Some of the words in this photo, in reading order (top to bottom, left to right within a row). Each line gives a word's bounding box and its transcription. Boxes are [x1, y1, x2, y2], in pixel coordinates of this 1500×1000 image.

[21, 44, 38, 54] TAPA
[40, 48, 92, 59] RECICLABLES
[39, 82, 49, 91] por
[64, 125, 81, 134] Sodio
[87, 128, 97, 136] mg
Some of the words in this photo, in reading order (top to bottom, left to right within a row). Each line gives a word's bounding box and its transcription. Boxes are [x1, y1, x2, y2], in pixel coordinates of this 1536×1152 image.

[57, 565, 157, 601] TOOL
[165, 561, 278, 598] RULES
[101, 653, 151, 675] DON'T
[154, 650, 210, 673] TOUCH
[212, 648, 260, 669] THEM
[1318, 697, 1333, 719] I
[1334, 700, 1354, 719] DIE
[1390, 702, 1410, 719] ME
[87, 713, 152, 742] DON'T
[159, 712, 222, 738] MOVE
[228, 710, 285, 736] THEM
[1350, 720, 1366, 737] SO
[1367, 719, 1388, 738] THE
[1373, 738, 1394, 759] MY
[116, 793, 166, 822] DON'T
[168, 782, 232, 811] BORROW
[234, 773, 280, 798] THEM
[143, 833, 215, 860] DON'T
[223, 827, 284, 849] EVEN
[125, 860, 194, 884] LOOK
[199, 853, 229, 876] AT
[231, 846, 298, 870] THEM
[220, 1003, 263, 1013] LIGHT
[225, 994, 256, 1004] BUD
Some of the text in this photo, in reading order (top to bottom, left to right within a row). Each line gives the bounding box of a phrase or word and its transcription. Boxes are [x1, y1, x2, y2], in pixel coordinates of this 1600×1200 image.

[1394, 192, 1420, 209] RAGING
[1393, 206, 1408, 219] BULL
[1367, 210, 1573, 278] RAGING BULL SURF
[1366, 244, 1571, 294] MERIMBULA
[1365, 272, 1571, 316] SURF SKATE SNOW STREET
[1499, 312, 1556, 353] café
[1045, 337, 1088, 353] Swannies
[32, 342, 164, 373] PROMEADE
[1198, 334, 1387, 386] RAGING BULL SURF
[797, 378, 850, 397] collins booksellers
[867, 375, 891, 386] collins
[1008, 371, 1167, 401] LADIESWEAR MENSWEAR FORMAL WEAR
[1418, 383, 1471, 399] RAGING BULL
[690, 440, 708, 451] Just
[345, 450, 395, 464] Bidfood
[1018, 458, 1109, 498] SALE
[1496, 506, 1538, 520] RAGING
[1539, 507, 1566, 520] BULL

Work to complete: The listing above must be transcribed exactly, line by line.

Problem solution:
Some of the words in this photo, in reading order (top to bottom, left to right within a row). Each line gives a word's bounding box and its transcription. Boxes are [x1, y1, x2, y2], in pixel coordinates of this 1500×1000 image.

[21, 44, 38, 54] TAPA
[40, 48, 92, 59] RECICLABLES
[39, 82, 49, 91] por
[64, 125, 81, 134] Sodio
[87, 128, 97, 136] mg
Some of the words in this photo, in reading order (top to bottom, left to right within a row). Each line gives a word's bounding box and its transcription. Boxes are [x1, y1, x2, y2], in pixel coordinates of this 1536×1152 image.

[57, 565, 157, 601] TOOL
[165, 561, 278, 598] RULES
[101, 653, 151, 675] DON'T
[154, 650, 210, 673] TOUCH
[212, 648, 260, 669] THEM
[1318, 697, 1333, 719] I
[1334, 700, 1354, 719] DIE
[1390, 702, 1410, 719] ME
[87, 713, 152, 742] DON'T
[159, 712, 222, 738] MOVE
[228, 710, 285, 736] THEM
[1350, 720, 1366, 737] SO
[1367, 719, 1388, 738] THE
[1373, 738, 1394, 759] MY
[116, 793, 166, 822] DON'T
[168, 782, 232, 811] BORROW
[234, 773, 280, 798] THEM
[143, 833, 215, 860] DON'T
[223, 827, 284, 849] EVEN
[125, 860, 194, 884] LOOK
[199, 853, 229, 876] AT
[231, 846, 298, 870] THEM
[220, 1003, 263, 1013] LIGHT
[225, 994, 256, 1004] BUD
Some of the text in this photo, in reading order (top to bottom, left to right within a row). Each line gives the bounding box of a phrase or word and its transcription. Boxes are [x1, y1, x2, y2], in pixel coordinates of this 1600×1200 image.

[1394, 192, 1420, 209] RAGING
[1393, 206, 1408, 219] BULL
[1367, 210, 1573, 278] RAGING BULL SURF
[1366, 244, 1571, 294] MERIMBULA
[1365, 272, 1571, 316] SURF SKATE SNOW STREET
[1499, 312, 1556, 353] café
[1045, 337, 1088, 353] Swannies
[32, 342, 164, 373] PROMEADE
[1198, 334, 1387, 386] RAGING BULL SURF
[797, 378, 850, 397] collins booksellers
[867, 375, 891, 386] collins
[1008, 371, 1167, 401] LADIESWEAR MENSWEAR FORMAL WEAR
[1418, 383, 1471, 399] RAGING BULL
[690, 440, 708, 451] Just
[345, 450, 395, 464] Bidfood
[1018, 458, 1109, 498] SALE
[1496, 506, 1538, 520] RAGING
[1539, 507, 1566, 520] BULL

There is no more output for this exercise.